Das Besondere an Fontevraud ist, dass es ein Doppelkloster war, das sowohl Mönche als auch Nonnen beherbergte. Dieser Umstand war natürlich hochgradig ungewöhnlich und wurde vielfach als Skandal gewertet. Zu allem Überfluss oblag die Leitung des gesamten Ordens fast 700 Jahre lang, bis zur Französischen Revolution, auch noch einer Äbtissin.



Im Hochmittelalter vor dem Hundertjährigen Krieg war die Abbaye Royale de Fontevraud auch die Grablege der englischen Könige der Dynastie der Plantagenêts. Richard Löwenherz liegt hier, allerdings ohne sein Löwenherz und ohne seine Eingeweide. Seine Grabfigur befindet sich neben der seiner Schwägerin, Isabella von Angoulême, der zweiten Frau seines Bruders Johann Ohneland. Dahinter liegen seine Eltern, Heinrich II. von England und Eleonore von Aquitanien, die wohl einflussreichste Frau des gesamten Mittelalters.
Neben der Abteikirche mit ihrem langen Kirchenschiff und den königlichen Grabfiguren sind der Kreuzgang und das auffällige Küchengebäude besonders erwähnenswert.
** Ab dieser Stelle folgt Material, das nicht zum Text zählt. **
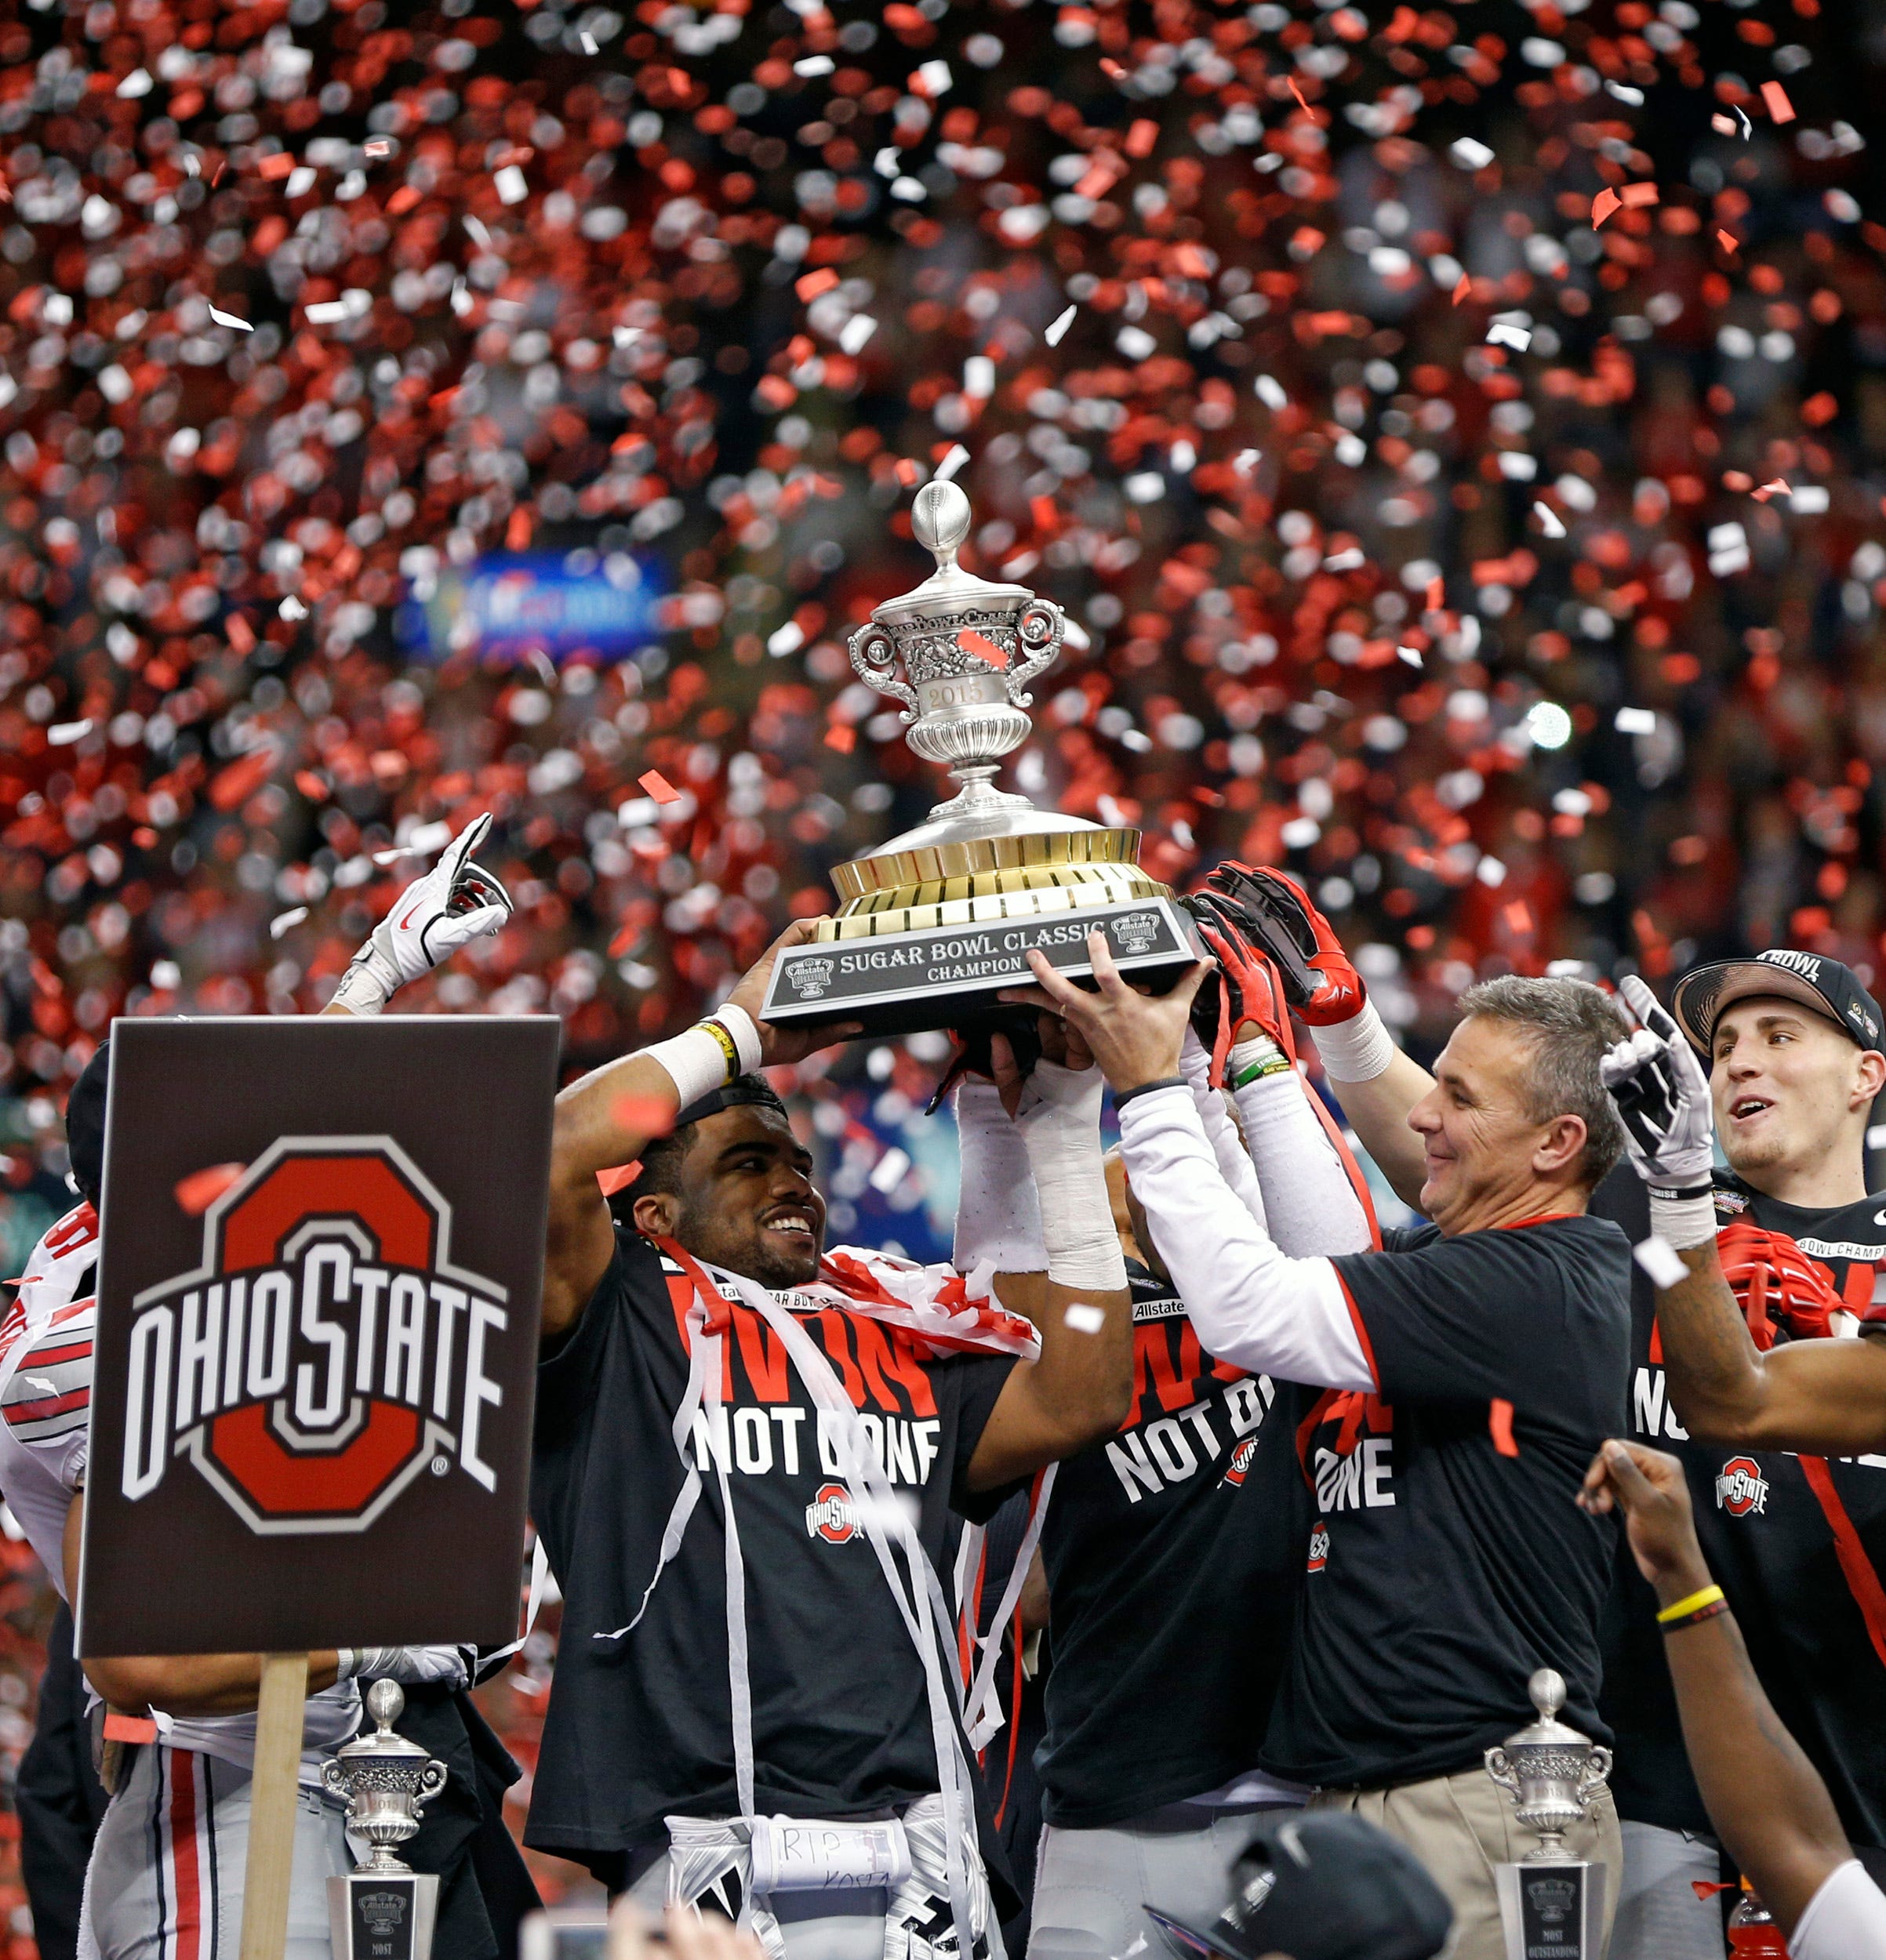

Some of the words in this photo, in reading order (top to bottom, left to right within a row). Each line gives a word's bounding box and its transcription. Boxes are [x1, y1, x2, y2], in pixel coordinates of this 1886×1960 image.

[929, 683, 983, 707] 2015
[1120, 920, 1151, 931] Allstate
[840, 946, 925, 974] SUGAR
[931, 934, 999, 961] BOWL
[1004, 921, 1106, 951] CLASSIC
[794, 965, 825, 976] Allstate
[928, 956, 1022, 982] CHAMPION
[1800, 1240, 1832, 1255] BOWL
[1135, 1301, 1184, 1318] Allstate
[692, 1406, 806, 1475] NOT
[1105, 1399, 1221, 1504] NOT
[783, 1828, 840, 1864] RIP
[372, 1944, 392, 1955] MOST
Letzteres ist ein einzigartiges und architektonisch sehr ungewöhnliches Gebäude aus dem 12. Jahrhundert mit zahlreichen Kaminen und einer markanten oktogonalen Form.


Das Château de Saumur ist ein beeindruckendes und weithin sichtbares Schloss im Loiretal, das majestätisch auf einem Hügel über der Stadt Saumur thront. Die Ursprünge des Schlosses reichen bis ins 10. Jahrhundert zurück, und seine heutige Silhouette erhielt es weitgehend im 15. Jahrhundert.
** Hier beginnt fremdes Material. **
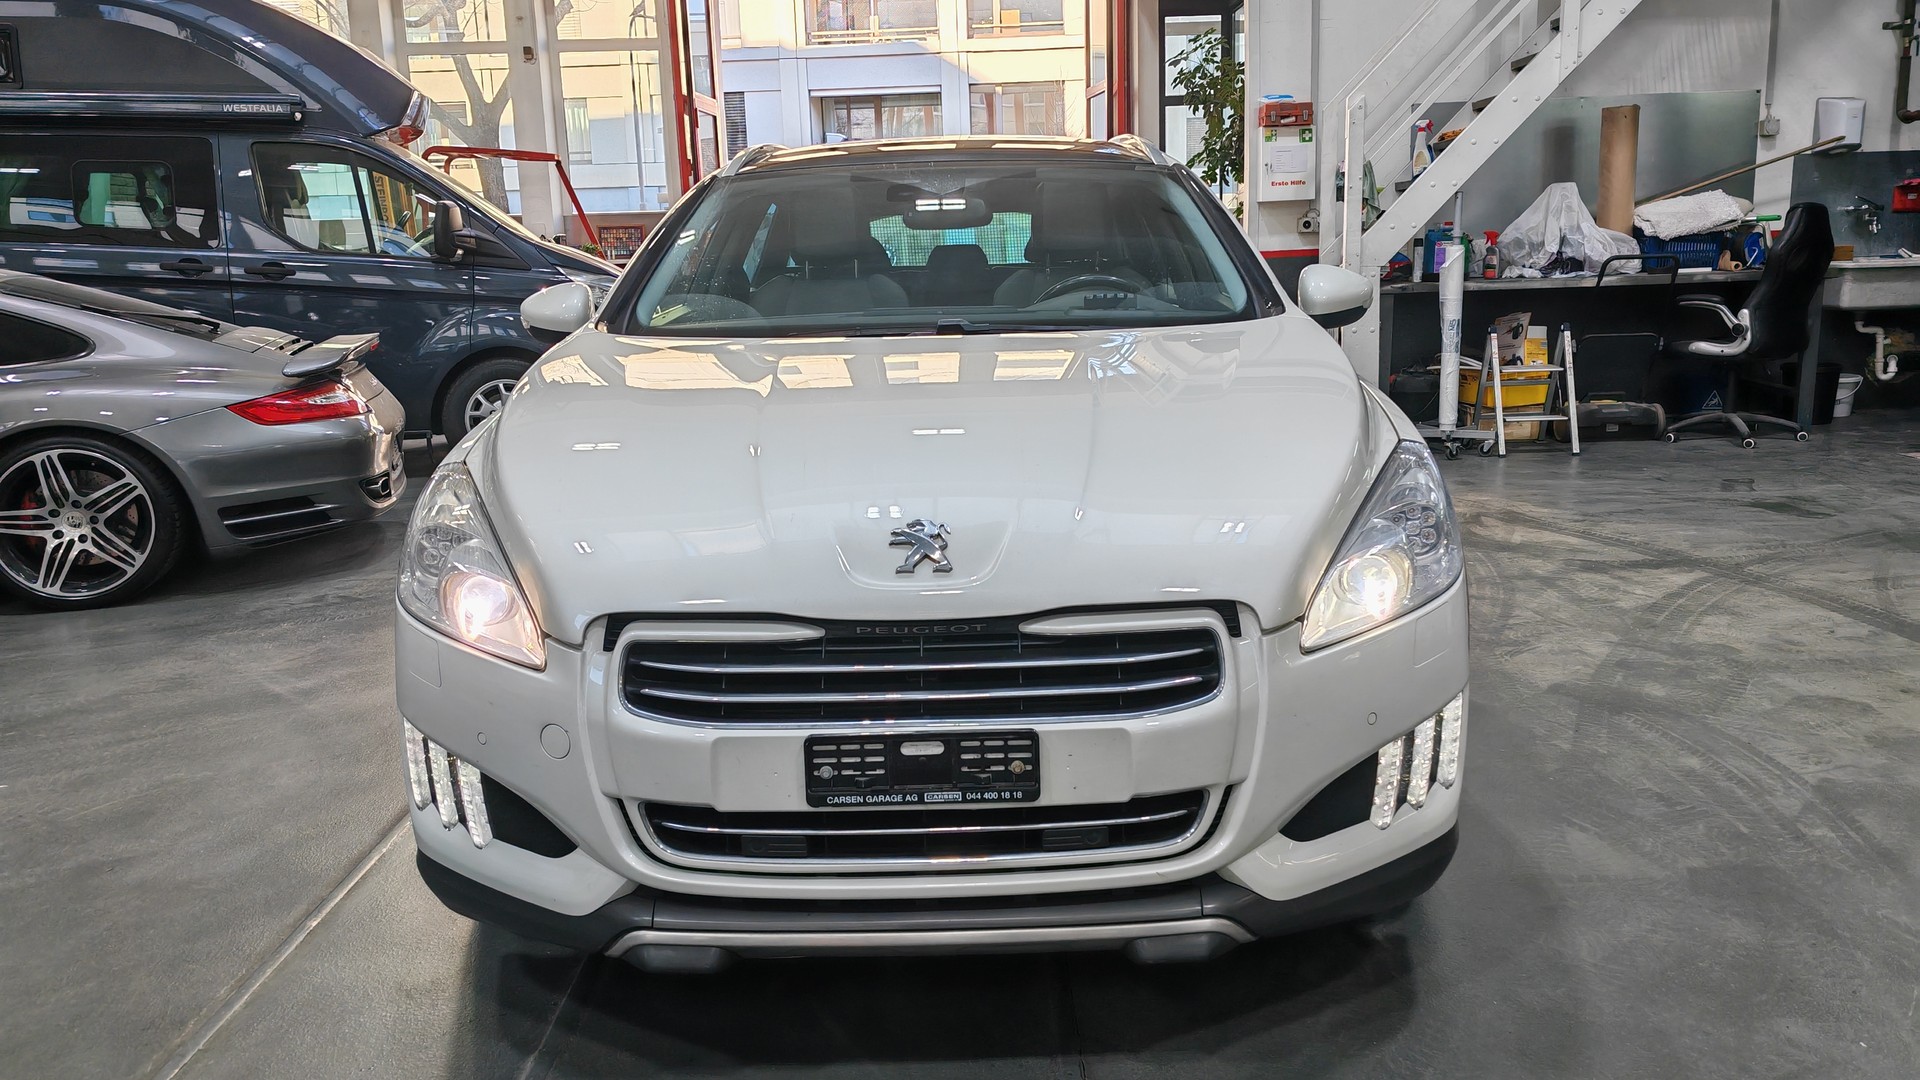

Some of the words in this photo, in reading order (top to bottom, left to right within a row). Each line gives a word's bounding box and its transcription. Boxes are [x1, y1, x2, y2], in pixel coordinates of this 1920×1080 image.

[222, 104, 283, 112] WESTFALIA
[856, 624, 987, 634] PEUGEOT
[826, 795, 864, 804] CARSEN
[865, 794, 903, 803] GARAGE
[904, 794, 918, 802] AG
[966, 792, 981, 800] 044
[983, 791, 998, 800] 400
[1000, 791, 1011, 799] 18
[1012, 790, 1023, 799] 18
Ein echtes Kontrastprogramm hat Saumur auch noch zu bieten, nämlich das Musée des Blindés, eines der größten Panzermuseen der Welt. Es ist mit 800 gepanzerten Fahrzeugen aus aller Welt deutlich größer als das durchaus auch bereits eindrucksvolle Panzermuseum in Munster in Niedersachsen. Gezeigt wird praktisch alles, was an Panzern seit 1917 gebaut wurde.

Mit Saumur habe ich den am weitesten entfernten Punkt meiner Reise zu den Loire-Schlössern erreicht. Auf dem jetzt anstehenden Heimweg fahre ich noch das etwas abseits südöstlich von Orléans gelegene Château de Sully-sur-Loire an. Dies ist ein beeindruckendes Wasserschloss, das sich durch seine markante mittelalterliche Festungsarchitektur auszeichnet.
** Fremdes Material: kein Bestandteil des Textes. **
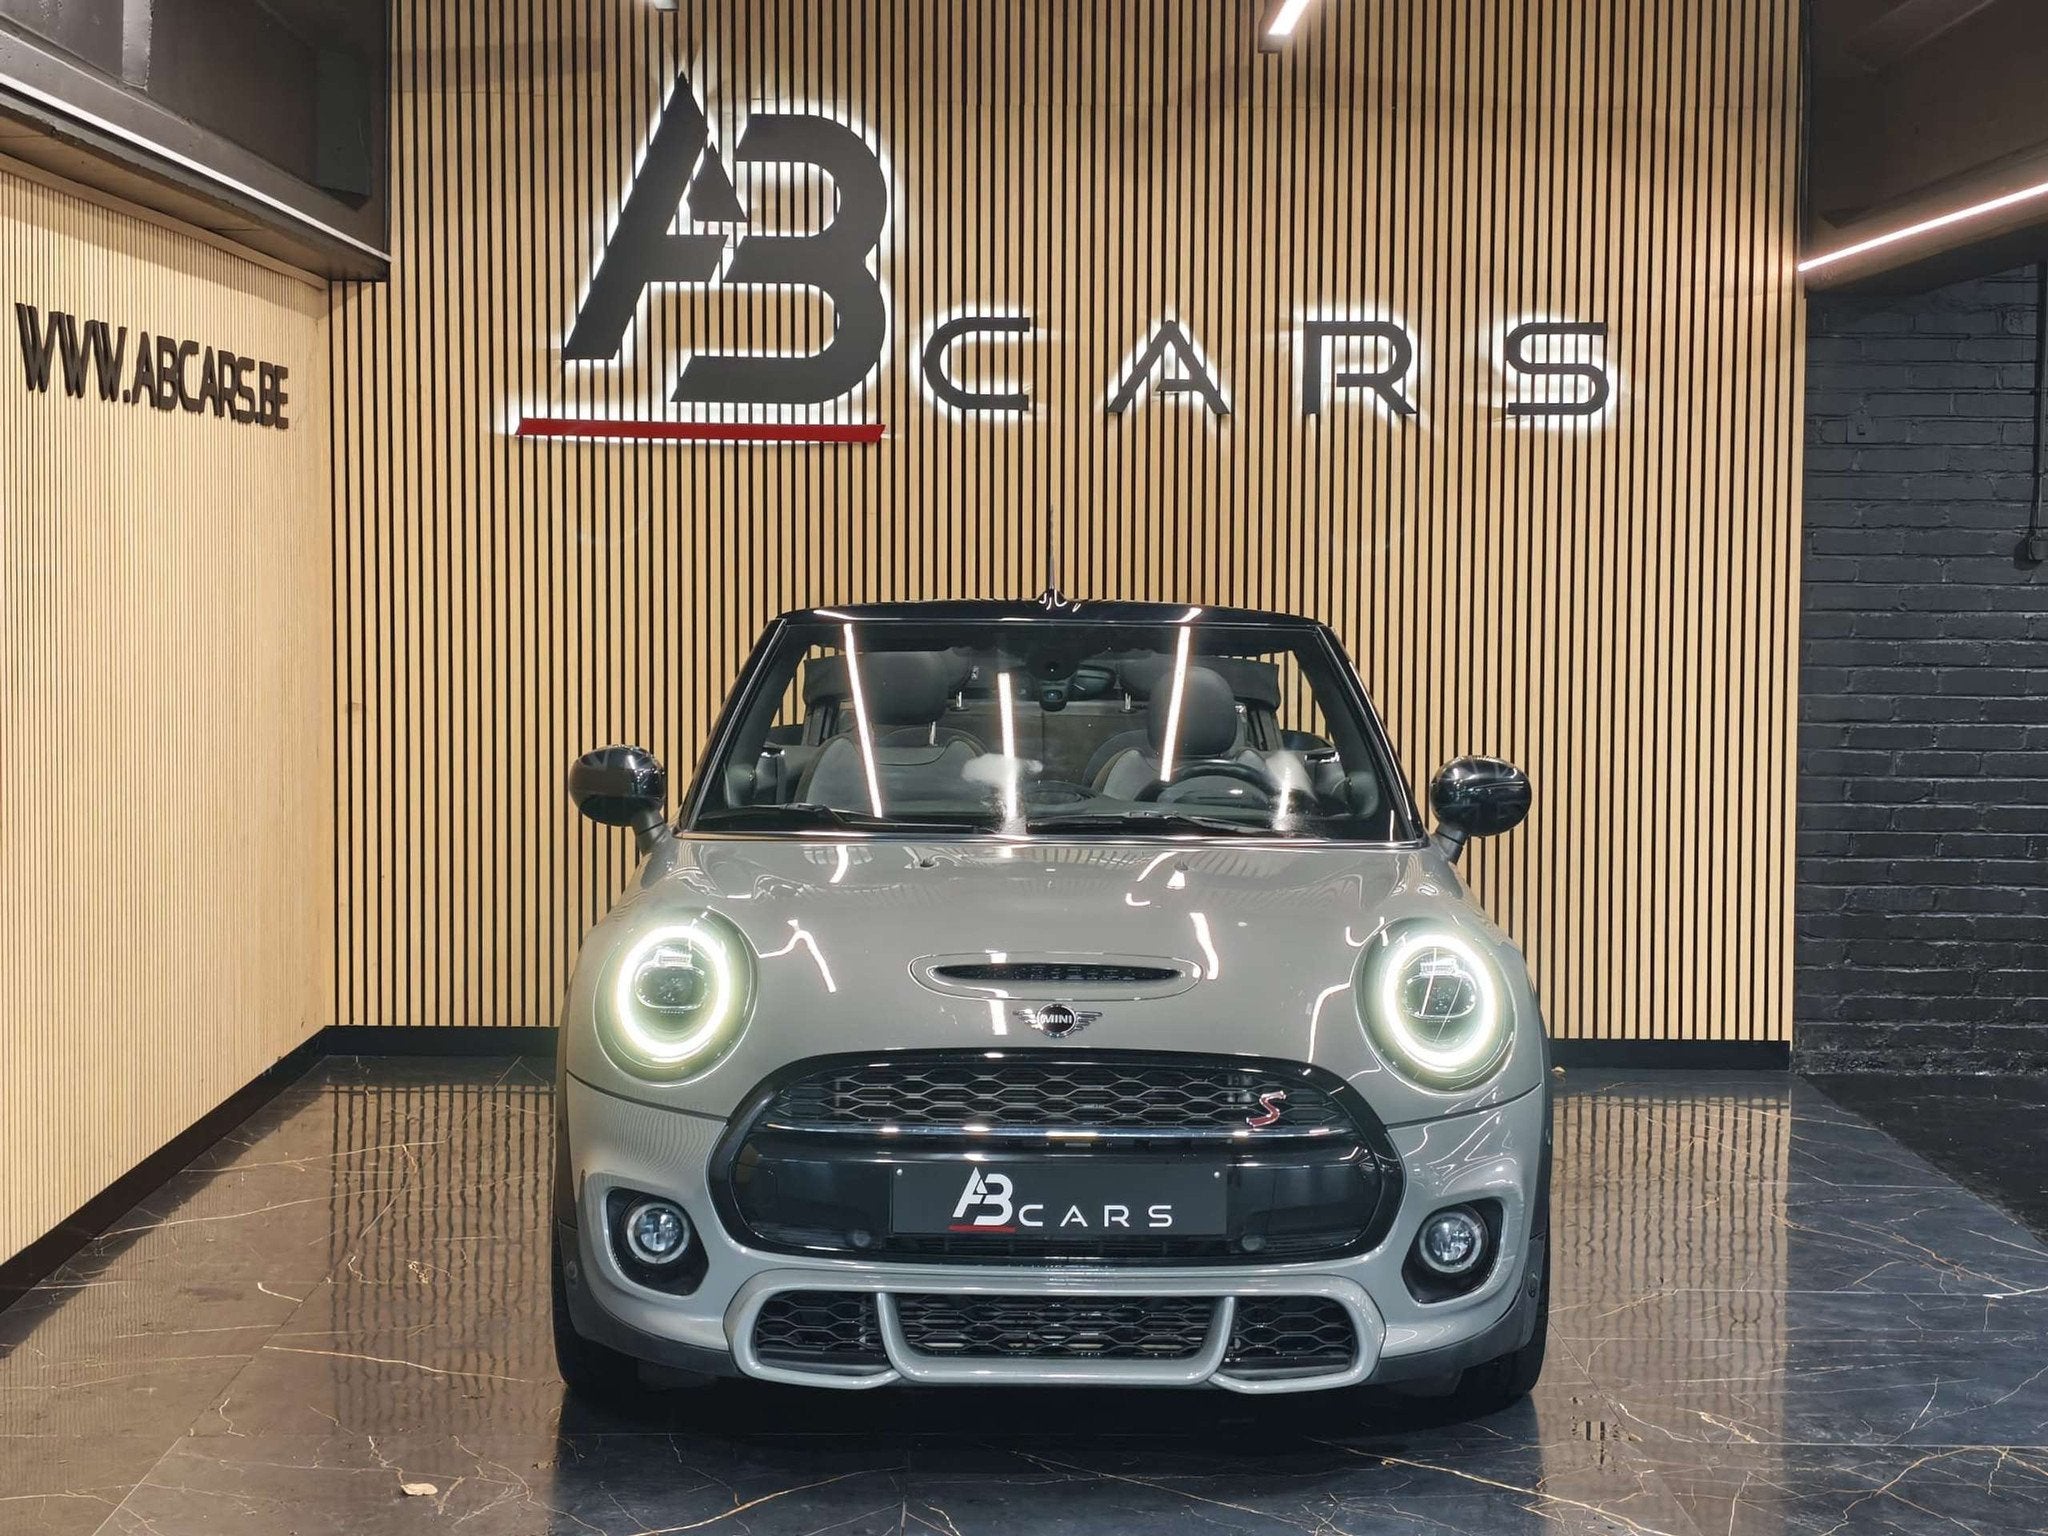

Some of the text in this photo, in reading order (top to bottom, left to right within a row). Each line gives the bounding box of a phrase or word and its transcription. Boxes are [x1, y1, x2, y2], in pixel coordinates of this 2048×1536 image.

[14, 302, 289, 430] WWW.ABCARS.BE
[922, 316, 1610, 415] CARS
[1041, 1014, 1072, 1024] MINI
[1018, 1204, 1173, 1228] CARS
Zu den bekannten Persönlichkeiten, die das Schloss im Laufe der Jahrhunderte besuchten, gehören Jeanne d’Arc, die Jungfrau von Orléans, die Könige Ludwig XI., Ludwig XII., Franz I., aber auch beispielsweise der Philosoph Voltaire.
Insgesamt sind die Loire-Schlösser ein herausragendes Kulturerbe und gehören zu den faszinierendsten Sehenswürdigkeiten Frankreichs. Ihre Vielfalt, ihre architektonische Schönheit und ihre reiche Geschichte machen sie zu einem einzigartigen Reiseziel. Sie sind definitiv einen Besuch wert und bieten für jeden Geschmack etwas – von der märchenhaften Pracht bis zur ernsten historischen Stätte.